EXERCISE DESCRIPTION:
Your task is to transcribe the records exactly, skipping every image.

EXERCISE DATA:
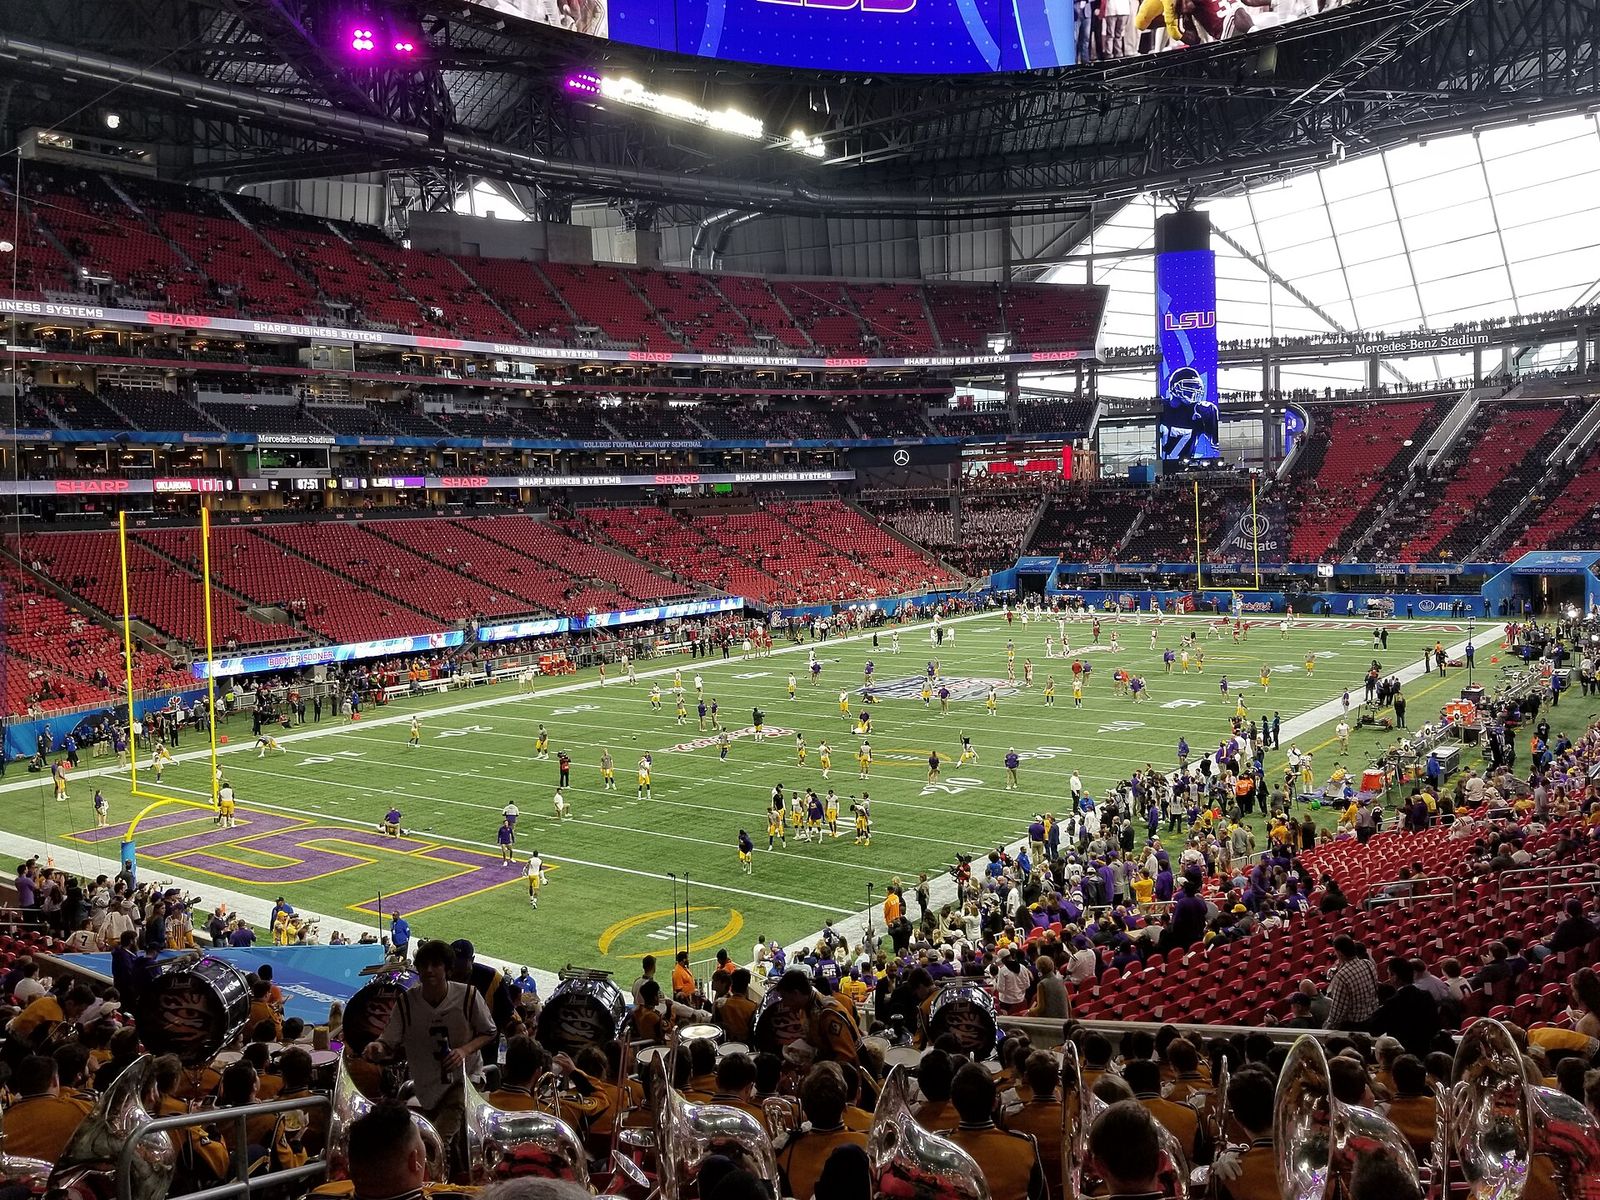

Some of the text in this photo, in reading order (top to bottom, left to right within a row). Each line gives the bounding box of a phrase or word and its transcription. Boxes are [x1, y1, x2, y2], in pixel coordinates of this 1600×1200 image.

[0, 300, 103, 318] INESS SYSTEMS
[147, 312, 211, 327] SHARP
[1165, 311, 1215, 331] LSU
[253, 322, 382, 342] SHARP BUSINESS SYSTEMS
[1355, 334, 1489, 354] Mercedes-Benz Stadium
[494, 344, 599, 358] SHARP BUSINESS SYSTEMS
[628, 352, 672, 361] SHARP
[1031, 351, 1078, 361] SHARP
[702, 354, 798, 365] SHARP BUSINESS SYSTEMS
[825, 358, 868, 366] SHARP
[931, 357, 971, 366] BUSINESS
[973, 355, 1010, 364] SYSTEMS
[258, 434, 336, 444] Mercedes-Benz Stadium
[519, 478, 543, 486] SHARP
[583, 477, 621, 485] SYSTEMS
[655, 474, 699, 484] SHARP
[762, 473, 797, 481] BUSINESS
[800, 472, 831, 480] SYSTEMS
[56, 480, 128, 492] SHARP
[442, 478, 488, 487] SHARP
[1231, 536, 1277, 551] Allsate
[1435, 602, 1472, 611] Allse
[268, 650, 333, 667] BOOMER SOONER
[295, 750, 367, 766] 10
[919, 776, 985, 797] 20
[60, 805, 560, 918] LSU
[81, 935, 88, 946] 7

EXERCISE RESULT:
Some of the text in this photo, in reading order (top to bottom, left to right within a row). Each line gives the bounding box of a phrase or word and its transcription. Boxes are [x1, y1, x2, y2], in pixel coordinates of this 1600×1200 image.

[0, 300, 103, 318] INESS SYSTEMS
[147, 312, 211, 327] SHARP
[1165, 311, 1215, 331] LSU
[253, 322, 382, 342] SHARP BUSINESS SYSTEMS
[1355, 334, 1489, 354] Mercedes-Benz Stadium
[494, 344, 599, 358] SHARP BUSINESS SYSTEMS
[628, 352, 672, 361] SHARP
[1031, 351, 1078, 361] SHARP
[702, 354, 798, 365] SHARP BUSINESS SYSTEMS
[825, 358, 868, 366] SHARP
[931, 357, 971, 366] BUSINESS
[973, 355, 1010, 364] SYSTEMS
[258, 434, 336, 444] Mercedes-Benz Stadium
[519, 478, 543, 486] SHARP
[583, 477, 621, 485] SYSTEMS
[655, 474, 699, 484] SHARP
[762, 473, 797, 481] BUSINESS
[800, 472, 831, 480] SYSTEMS
[56, 480, 128, 492] SHARP
[442, 478, 488, 487] SHARP
[1231, 536, 1277, 551] Allsate
[1435, 602, 1472, 611] Allse
[268, 650, 333, 667] BOOMER SOONER
[295, 750, 367, 766] 10
[919, 776, 985, 797] 20
[60, 805, 560, 918] LSU
[81, 935, 88, 946] 7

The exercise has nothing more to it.